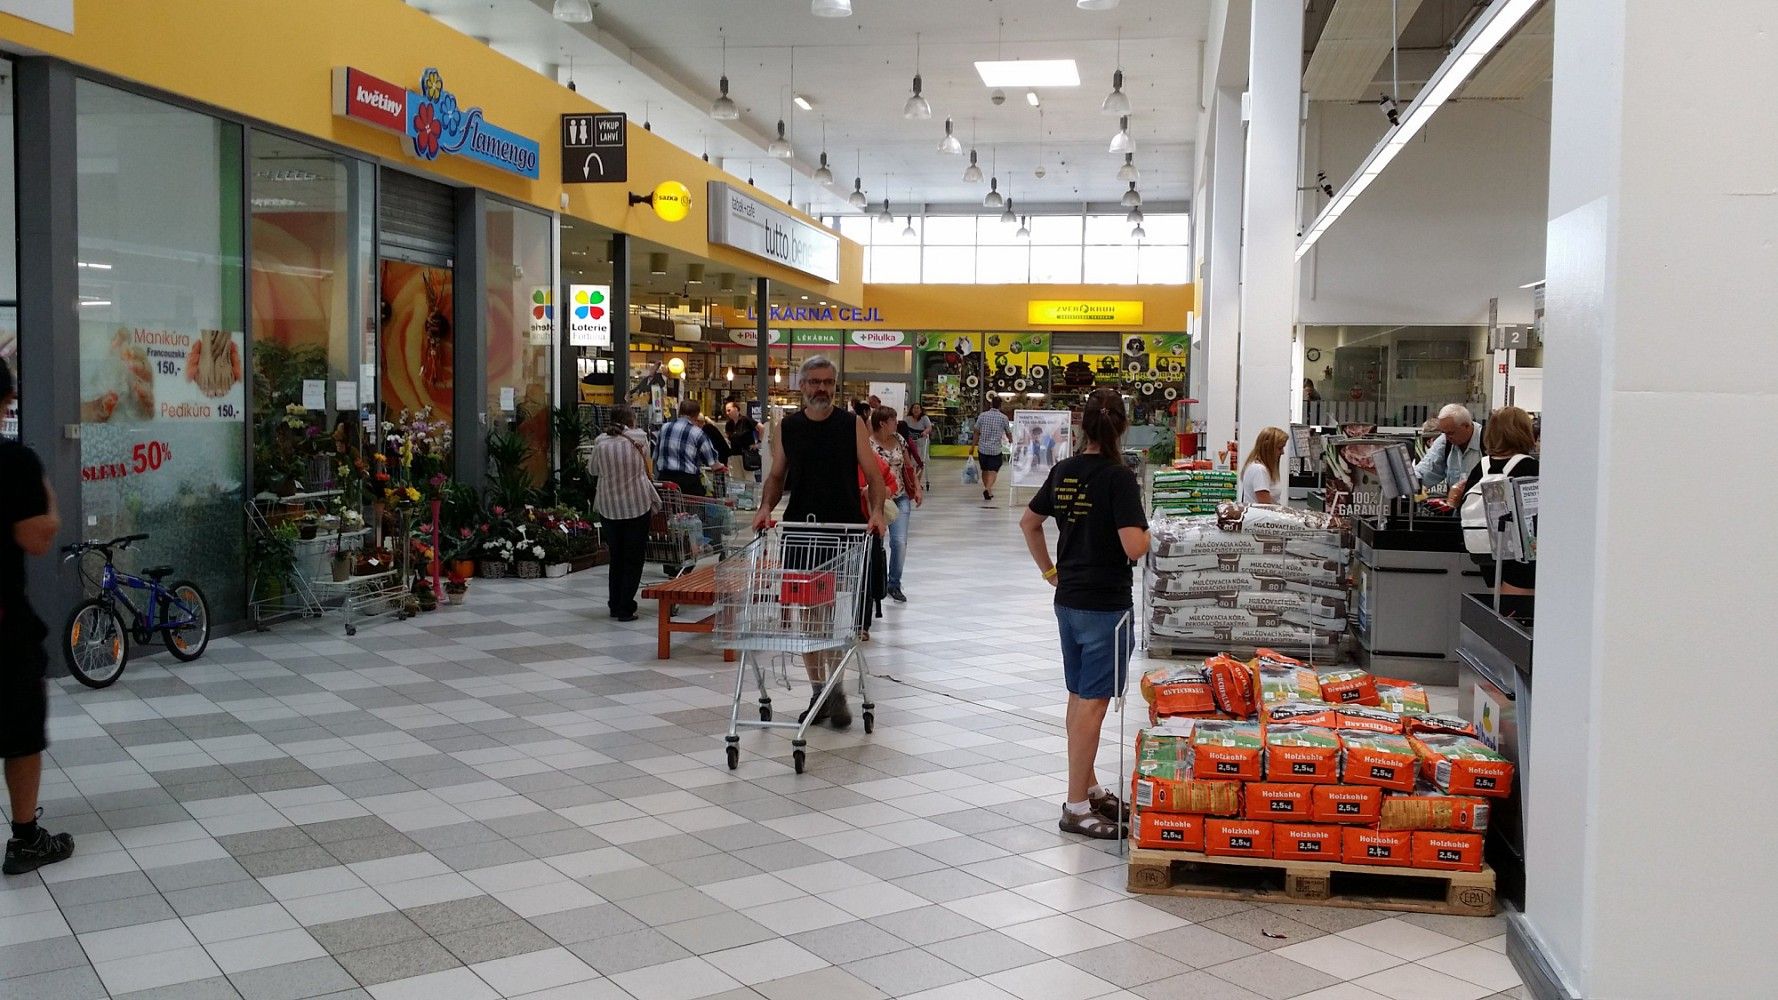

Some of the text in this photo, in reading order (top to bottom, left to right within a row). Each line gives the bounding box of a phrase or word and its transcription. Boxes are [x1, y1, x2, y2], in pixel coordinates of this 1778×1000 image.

[356, 85, 402, 117] květiny
[599, 121, 620, 131] VÝKUP
[600, 131, 619, 142] LAHVÍ
[765, 219, 789, 260] tutto
[748, 304, 884, 322] LKÁRNA CEJL
[572, 323, 607, 332] Loterie
[135, 328, 190, 347] Manikúra
[1511, 332, 1520, 343] 2
[157, 361, 181, 376] 150,-
[161, 402, 240, 419] Pedikúra 150,-
[82, 441, 172, 481] SLEVA 50%
[1351, 492, 1378, 504] 100%
[1339, 503, 1391, 516] GARANCE
[1250, 562, 1284, 570] MULČOVAC
[1209, 752, 1248, 761] Holzkohle
[1284, 752, 1324, 761] Holzkohle
[1364, 756, 1403, 768] Holzkohle
[1218, 764, 1238, 772] 2,5kg
[1294, 764, 1314, 772] 2,5kg
[1468, 767, 1504, 776] Holzkohle
[1372, 768, 1392, 778] 2,5kg
[1475, 778, 1494, 787] 2,5kg
[1262, 790, 1301, 798] Holzkohle
[1329, 793, 1368, 801] Holzkohle
[1271, 802, 1292, 810] 2,5kg
[1338, 804, 1359, 812] 2,5kg
[1153, 819, 1192, 828] Holzkohle
[1162, 831, 1182, 839] 2,5kg
[1222, 827, 1260, 835] Holzkohle
[1290, 830, 1329, 839] Holzkohle
[1231, 838, 1250, 847] 2,5kg
[1359, 835, 1399, 845] Holzkohle
[1430, 839, 1470, 848] Holzkohle
[1299, 842, 1319, 850] 2,5kg
[1439, 851, 1459, 860] 2,5kg
[1464, 892, 1485, 903] EPAL
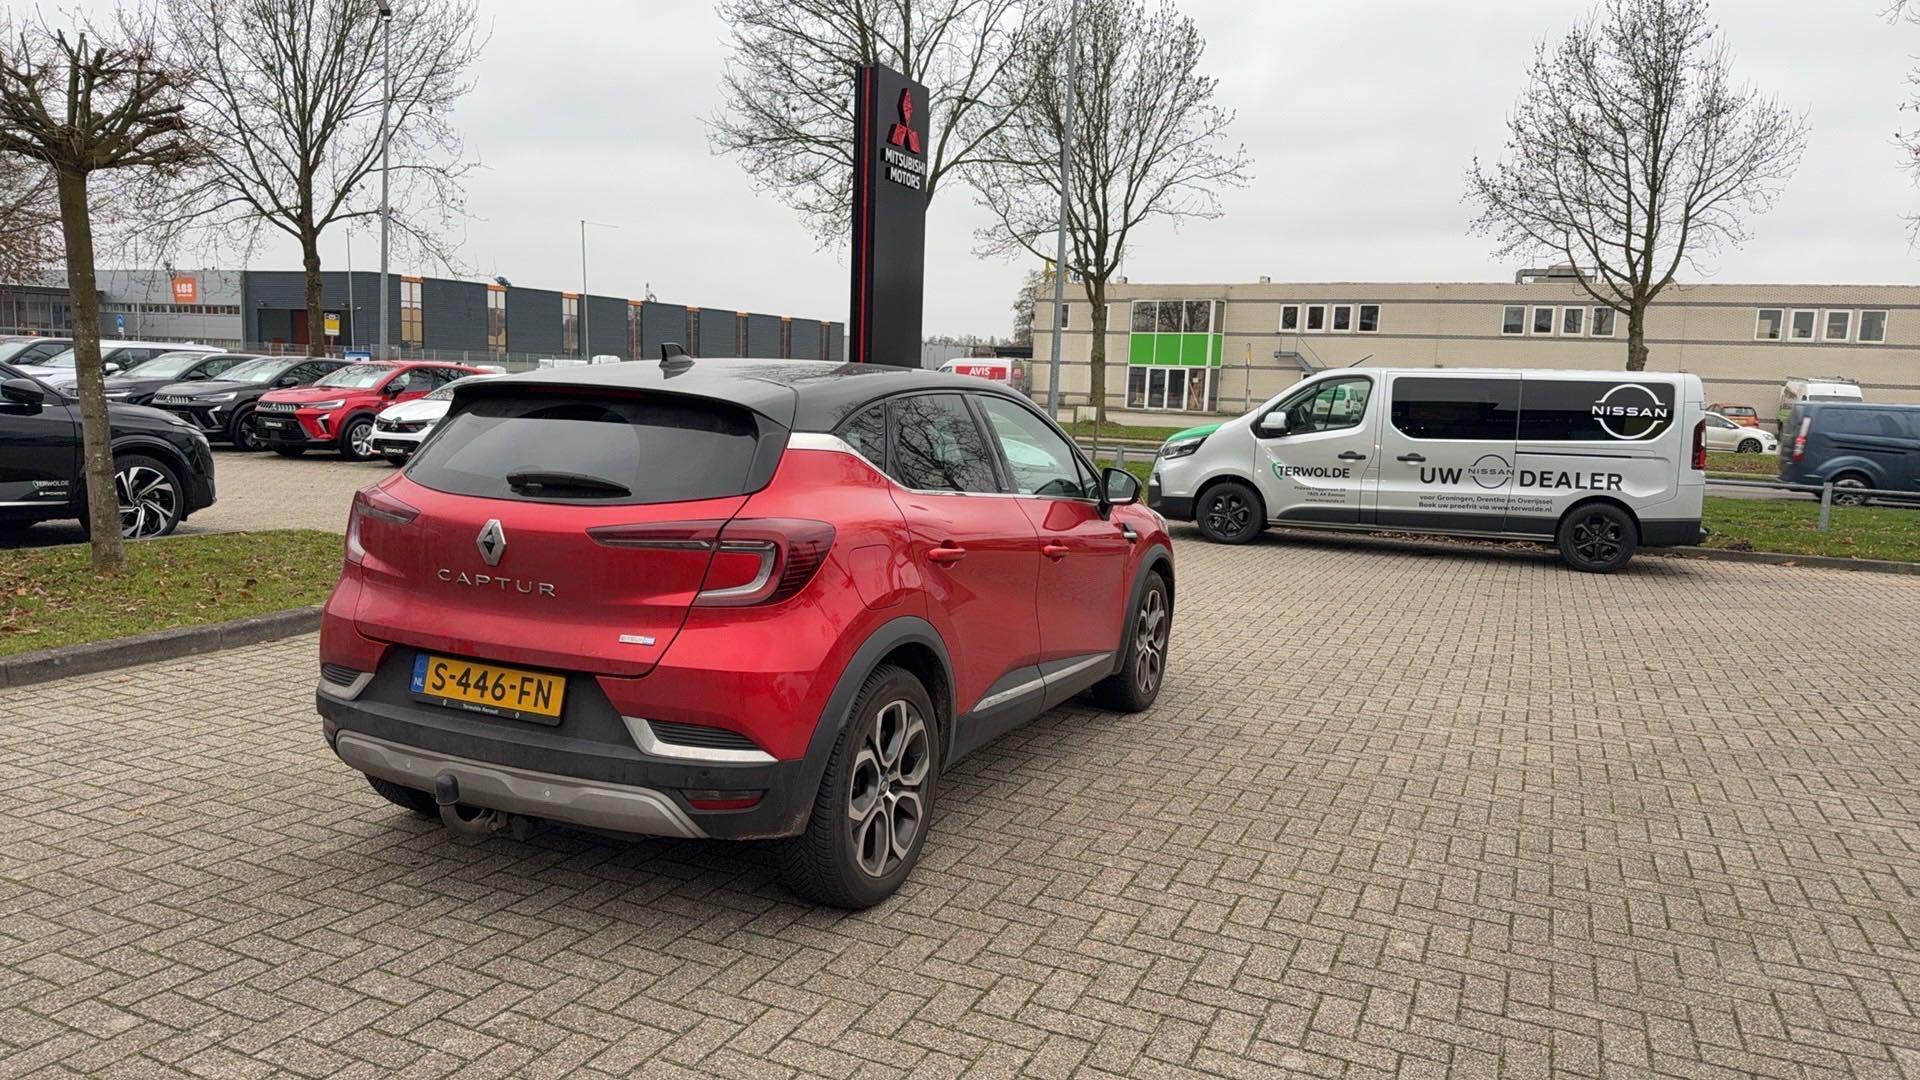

══════════

**DIRECTIONS**
Reproduce the data word for word; no pictures.

**RESPONSE BELOW**
Some of the text in this photo, in reading order (top to bottom, left to right within a row). Each line gives the bounding box of a phrase or word and its transcription. Boxes are [x1, y1, x2, y2], in pixel coordinates of this 1778×1000 image.

[356, 85, 402, 117] květiny
[599, 121, 620, 131] VÝKUP
[600, 131, 619, 142] LAHVÍ
[765, 219, 789, 260] tutto
[748, 304, 884, 322] LKÁRNA CEJL
[572, 323, 607, 332] Loterie
[135, 328, 190, 347] Manikúra
[1511, 332, 1520, 343] 2
[157, 361, 181, 376] 150,-
[161, 402, 240, 419] Pedikúra 150,-
[82, 441, 172, 481] SLEVA 50%
[1351, 492, 1378, 504] 100%
[1339, 503, 1391, 516] GARANCE
[1250, 562, 1284, 570] MULČOVAC
[1209, 752, 1248, 761] Holzkohle
[1284, 752, 1324, 761] Holzkohle
[1364, 756, 1403, 768] Holzkohle
[1218, 764, 1238, 772] 2,5kg
[1294, 764, 1314, 772] 2,5kg
[1468, 767, 1504, 776] Holzkohle
[1372, 768, 1392, 778] 2,5kg
[1475, 778, 1494, 787] 2,5kg
[1262, 790, 1301, 798] Holzkohle
[1329, 793, 1368, 801] Holzkohle
[1271, 802, 1292, 810] 2,5kg
[1338, 804, 1359, 812] 2,5kg
[1153, 819, 1192, 828] Holzkohle
[1162, 831, 1182, 839] 2,5kg
[1222, 827, 1260, 835] Holzkohle
[1290, 830, 1329, 839] Holzkohle
[1231, 838, 1250, 847] 2,5kg
[1359, 835, 1399, 845] Holzkohle
[1430, 839, 1470, 848] Holzkohle
[1299, 842, 1319, 850] 2,5kg
[1439, 851, 1459, 860] 2,5kg
[1464, 892, 1485, 903] EPAL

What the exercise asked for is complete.